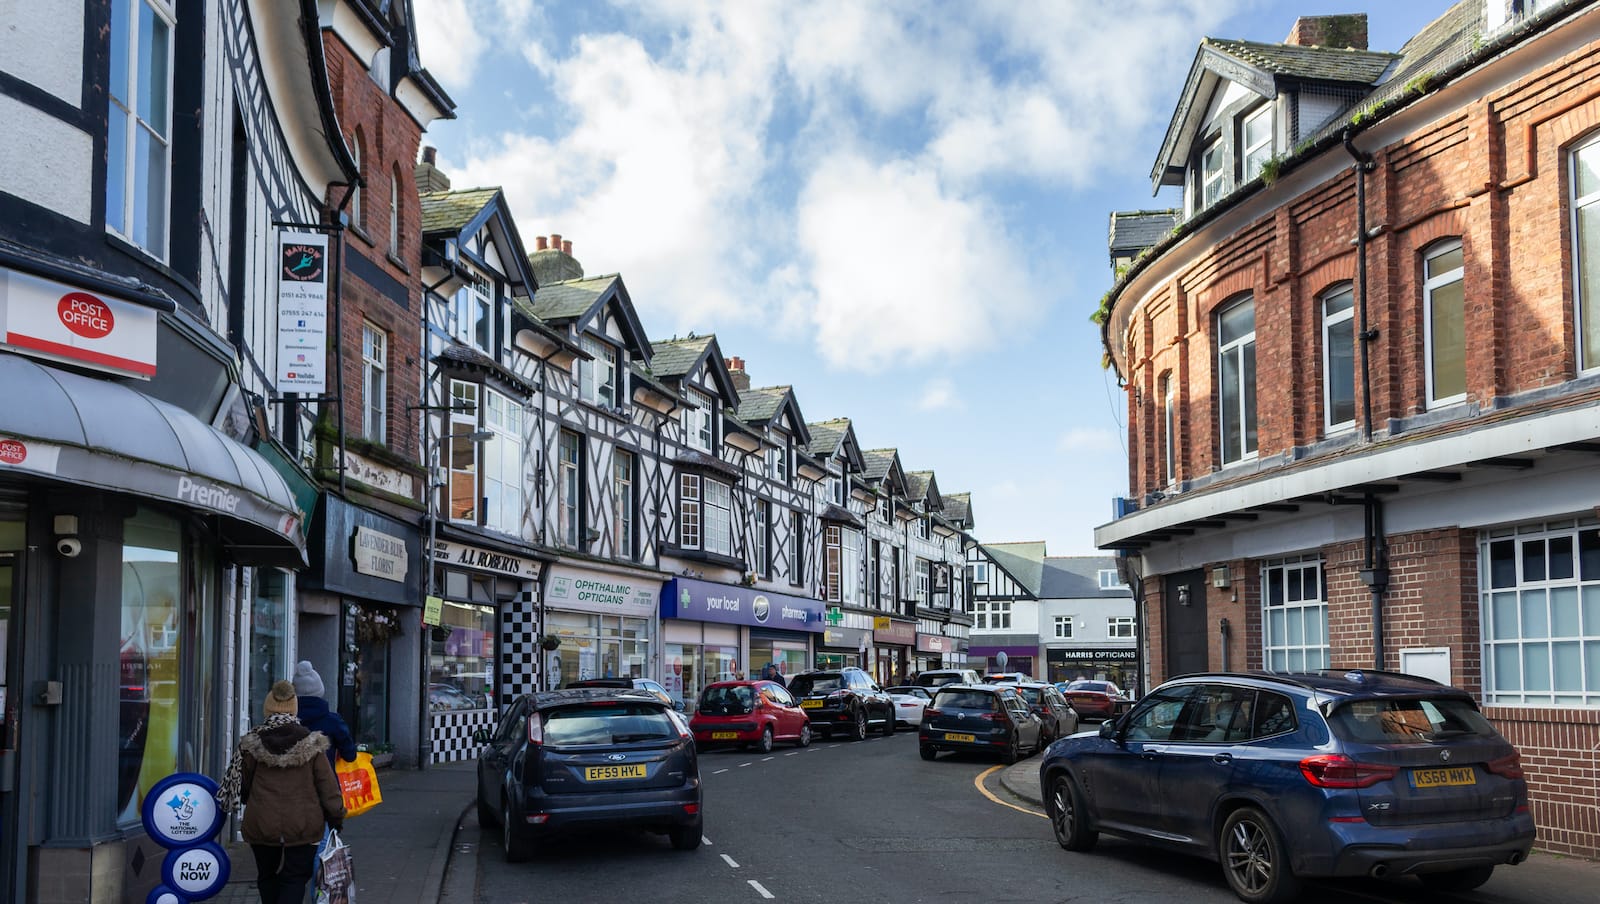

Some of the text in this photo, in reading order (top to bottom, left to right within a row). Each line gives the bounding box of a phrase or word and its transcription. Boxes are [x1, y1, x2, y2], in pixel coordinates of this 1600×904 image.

[71, 299, 104, 317] POST
[63, 310, 108, 331] OFFICE
[2, 443, 21, 452] POST
[177, 476, 240, 512] Premier
[360, 531, 388, 554] LAVENDER
[371, 556, 394, 576] FLORIST
[477, 551, 520, 573] ROBERTS
[575, 579, 631, 595] OPHTHALMIC
[578, 591, 624, 605] OPTICIANS
[706, 597, 723, 611] your
[723, 596, 740, 611] local
[782, 604, 807, 622] pharmacy
[1065, 651, 1136, 659] HARRIS OPTICIANS
[590, 765, 642, 779] EF59 HYL
[1416, 769, 1447, 784] KS68
[181, 862, 212, 871] PLAY
[180, 871, 211, 881] NOW

> _What you have to do_
Please write out every record above exactly, but leave the pictures out.

> _Worked solution_
Some of the text in this photo, in reading order (top to bottom, left to right within a row). Each line gives the bounding box of a phrase or word and its transcription. Boxes are [x1, y1, x2, y2], in pixel coordinates of this 1600×904 image.

[71, 299, 104, 317] POST
[63, 310, 108, 331] OFFICE
[2, 443, 21, 452] POST
[177, 476, 240, 512] Premier
[360, 531, 388, 554] LAVENDER
[371, 556, 394, 576] FLORIST
[477, 551, 520, 573] ROBERTS
[575, 579, 631, 595] OPHTHALMIC
[578, 591, 624, 605] OPTICIANS
[706, 597, 723, 611] your
[723, 596, 740, 611] local
[782, 604, 807, 622] pharmacy
[1065, 651, 1136, 659] HARRIS OPTICIANS
[590, 765, 642, 779] EF59 HYL
[1416, 769, 1447, 784] KS68
[181, 862, 212, 871] PLAY
[180, 871, 211, 881] NOW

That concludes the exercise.